In term of needs, we can summarize them with the following non exhaustive list:

• coexistence with backup software,
• acceptation of trillions of files,
• support of small files,
• exabyte-scale solution with multi-server model,
• scalable file pointers techniques (modern stubs, symlinks, etc.),
• intelligent file system scanning and selection,
• migrated file versioning,
• 10s-100s GB/s read/write throughput,
• SLA and QoS,
• load balancing,
• Posix, NAS, http/S3 and LTFS integration or a subset of these,
• same content access via different protocols (ex.
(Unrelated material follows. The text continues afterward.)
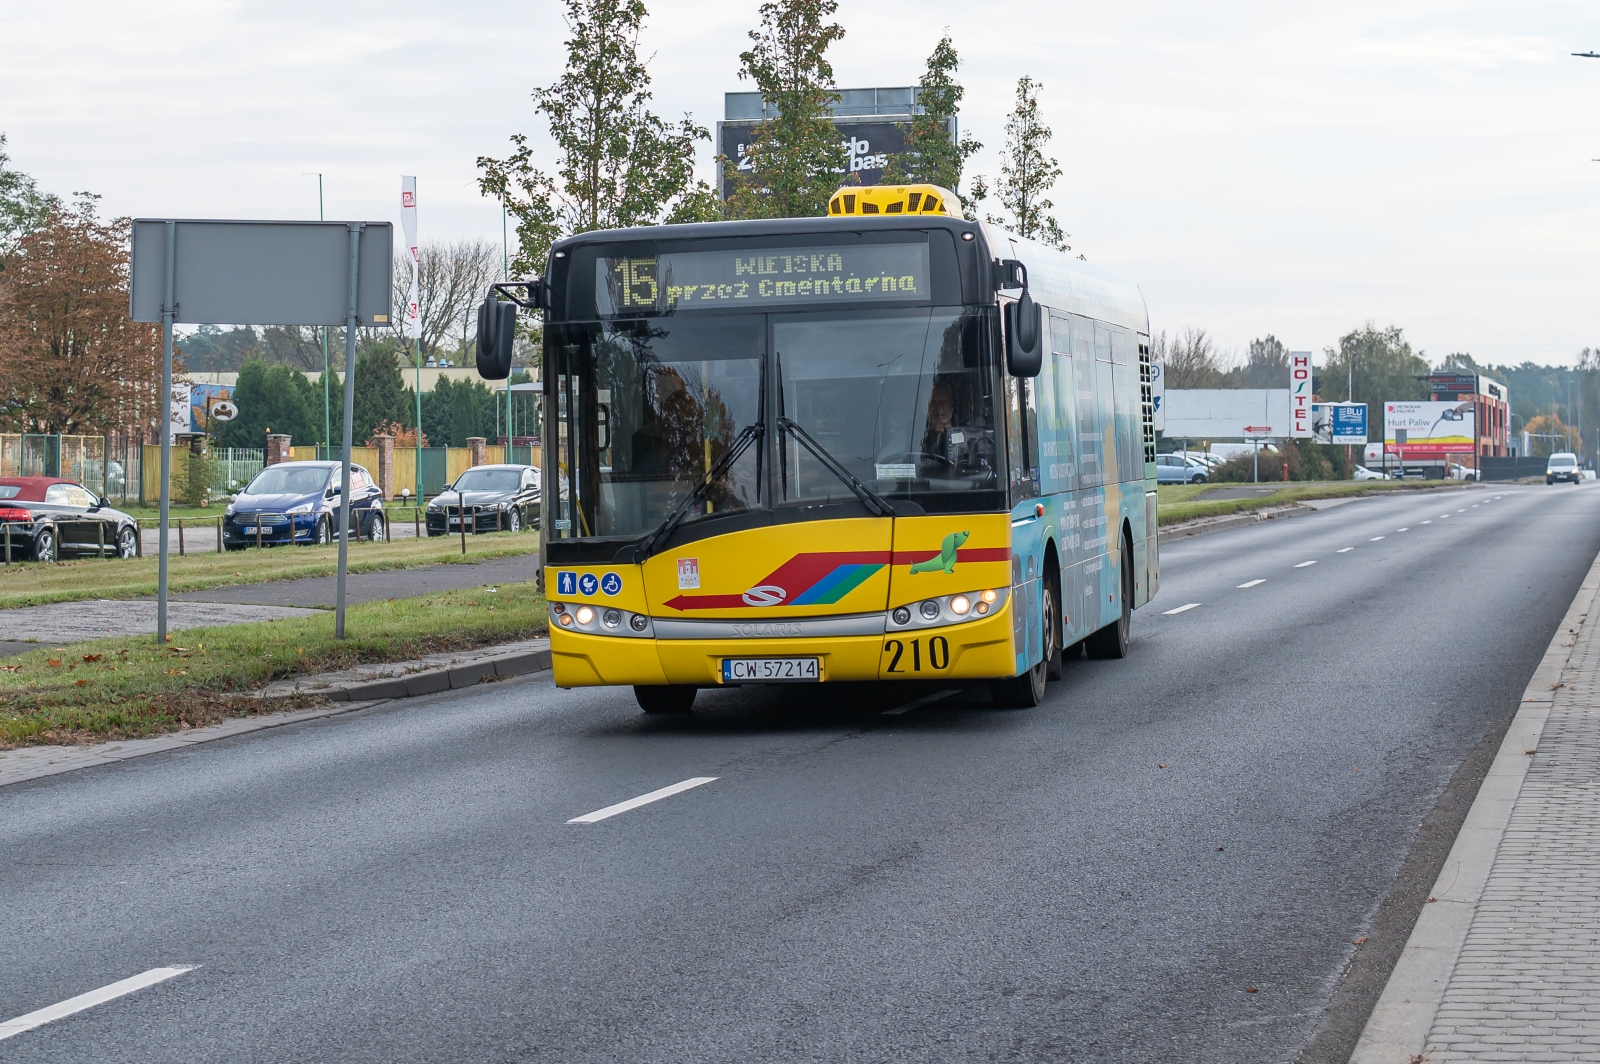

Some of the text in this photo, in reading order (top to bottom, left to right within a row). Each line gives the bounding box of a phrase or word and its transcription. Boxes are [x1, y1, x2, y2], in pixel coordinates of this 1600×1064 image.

NFS and S3),
• seamless integration and application access,
• global namespaces even across sites (notion of archive datalake),
• energy efficient with power management, 
• protection of data with wide erasure coding or RAIT,
• data reduction to eliminate unwanted file duplication,
• data integrity control,
• data portability and mobility with open format,
• integrate technology refresh as data last longer than storage device,
• new VTL model with S3 gateway to tape and cloud,
• project archiving with file grouping,
• indexing at ingestion with potentially content indexing,
• federated open search with Apache Lucene, Solr and Elasticsearch,
• integration of different disk flavors (SMR for instance),
• user, applications, sites… quotas,
• internal database protection (snapshot, incremental, etc.),
• centralized console with policies, workflows, user roles, etc.
• analytics and file statistics,
• monitoring, auditing, accounting, security, etc., and
  
• finally the cost…

We invite users to align their needs with the following products all having some interesting characteristics depending on the environment: Atempo, Data Dynamics, Grau Data, HPE DMF, HPSS, IBM, iRODS, iTernity, Komprise, Point Software and Systems, QStar, Quantum, Starfish, StrongBox Data Solutions and Versity.

These high data storage needs may also consider some future developments around glass or DNA storage. Some recent tests and progress were demonstrated with some key investment by big IT players such as Microsoft with project Silica or DNA with Twist Bioscience or Catalog. These approaches solve the energy and space challenges.